Personal information
- Full name: Alfredo de Almeida Rêgo
- Date of birth: 14 May 1905
- Place of birth: Sant'Ana do Livramento, Rio Grande do Sul, Brazil
- Date of death: 30 July 1988 (aged 83)
- Place of death: Rio de Janeiro, Brazil
- Height: 6 ft 1 in (1.85 m)
- Position: Striker

Senior career*
- Years: Team / Apps / (Gls)
- 1923–1925: Mackenzie / ? / (?)
- 1926–1932: São Cristovao / ? / (?)
- 1933–1935: Flamengo / 30 / (6)

International career
- 1930: Brazil / 1 / (1)

= Doca (footballer) =

Brazilian footballer (1905-1988)

Alfredo "Doca" de Almeida Rêgo (14 May 1905 Sant'Ana do Livramento, Rio Grande do Sul, Brazil - 30 July 1988, Rio de Janeiro, Brazil) was a Brazilian football player. He played for the Brazil national team.

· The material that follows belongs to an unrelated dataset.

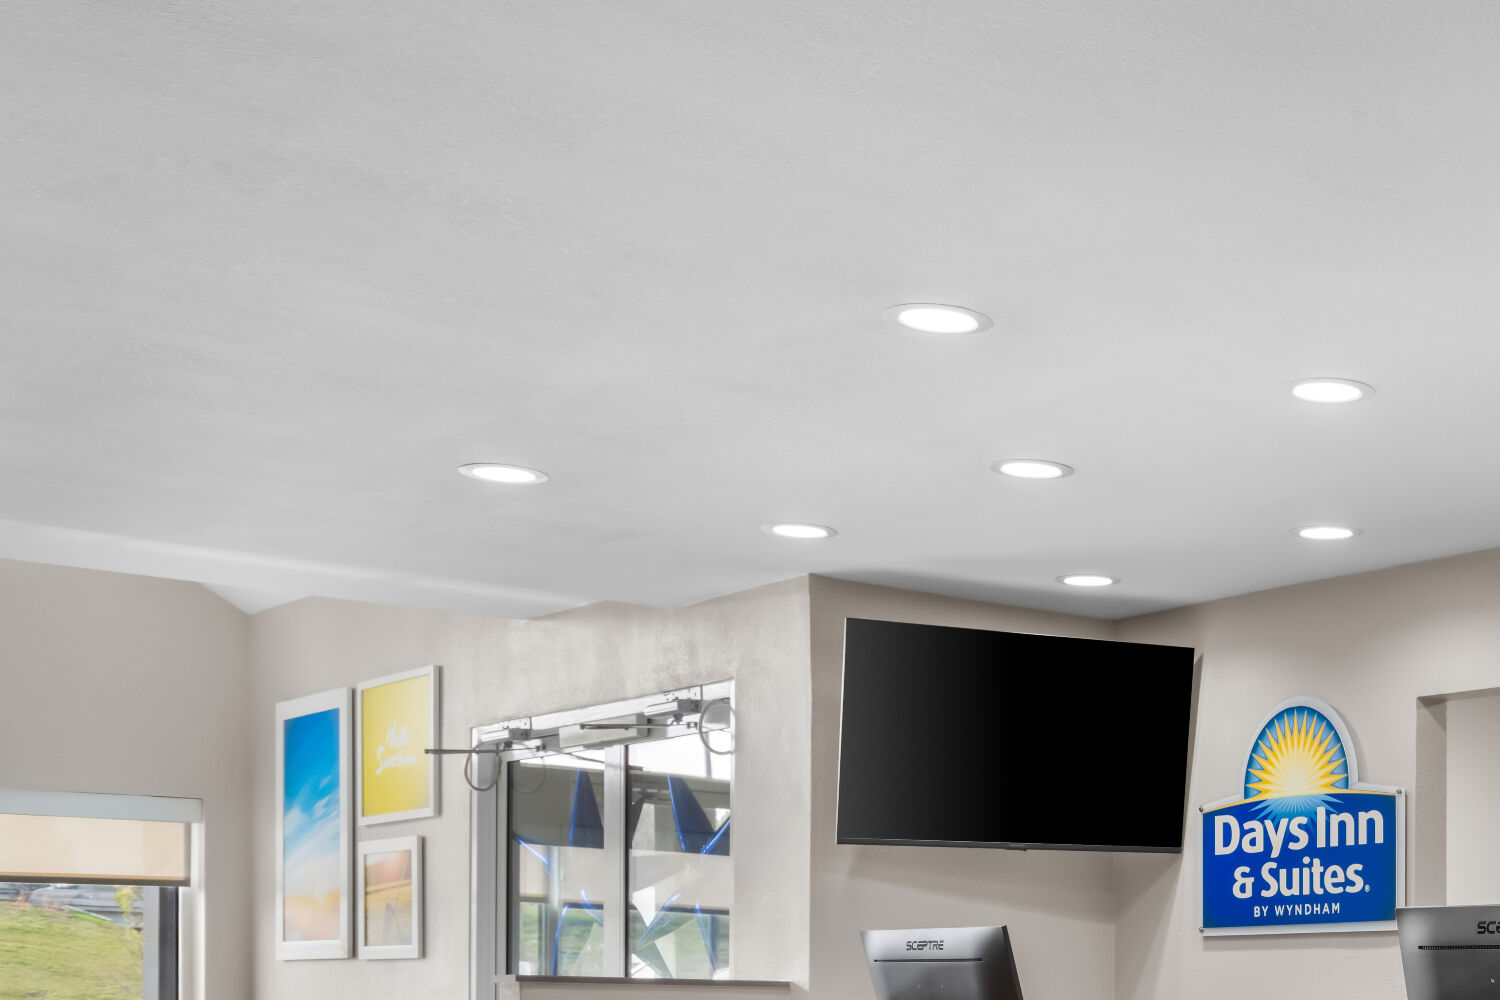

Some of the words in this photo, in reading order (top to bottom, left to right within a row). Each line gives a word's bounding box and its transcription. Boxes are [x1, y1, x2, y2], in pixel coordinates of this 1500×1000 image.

He was part of the delegation of the national team at the 1930 World Cup, but he was not included in the squad of 22 players, as was Humberto de Araujo Benevenuto.

His older brother Gilberto de Almeida Rego was referee for 3 matches and linesman for 2 at the 1930 World Cup. Gilberto was also a member of the Comissão Técnica of the Brazil national team in the tournament.

From 1923 to 1935, Doca played for SC Mackenzie, São Cristóvão and Flamengo. In 1926, Doca's club São Cristóvão became the Carioca champion for the only time in its history.

Doca only played one match for Seleção. After the 1930 World Cup, Brazil played a match against the USMNT in Rio. Brazil won 4–3, Doca scored one goal.

Alfredo de Almeida Rego was one of the leaders of the São Cristóvão basketball team. The club was the Carioca champion for two consecutive years, in 1929 and 1930. The team captain was Alfredo's older brother, football referee Gilberto de Almeida Rego. Another brother, Ary de Almeida Rego, also played on the team.

Alfredo de Almeida Rego lived longer than all of these brothers, he died of sepsis on 30 July 1988, in Rio de Janeiro. The incorrect date of Alfredo's death in 1956 is most likely related to another brother, Moacyr de Almeida Rego, who died on July 4, 1956, of myocardial infarction.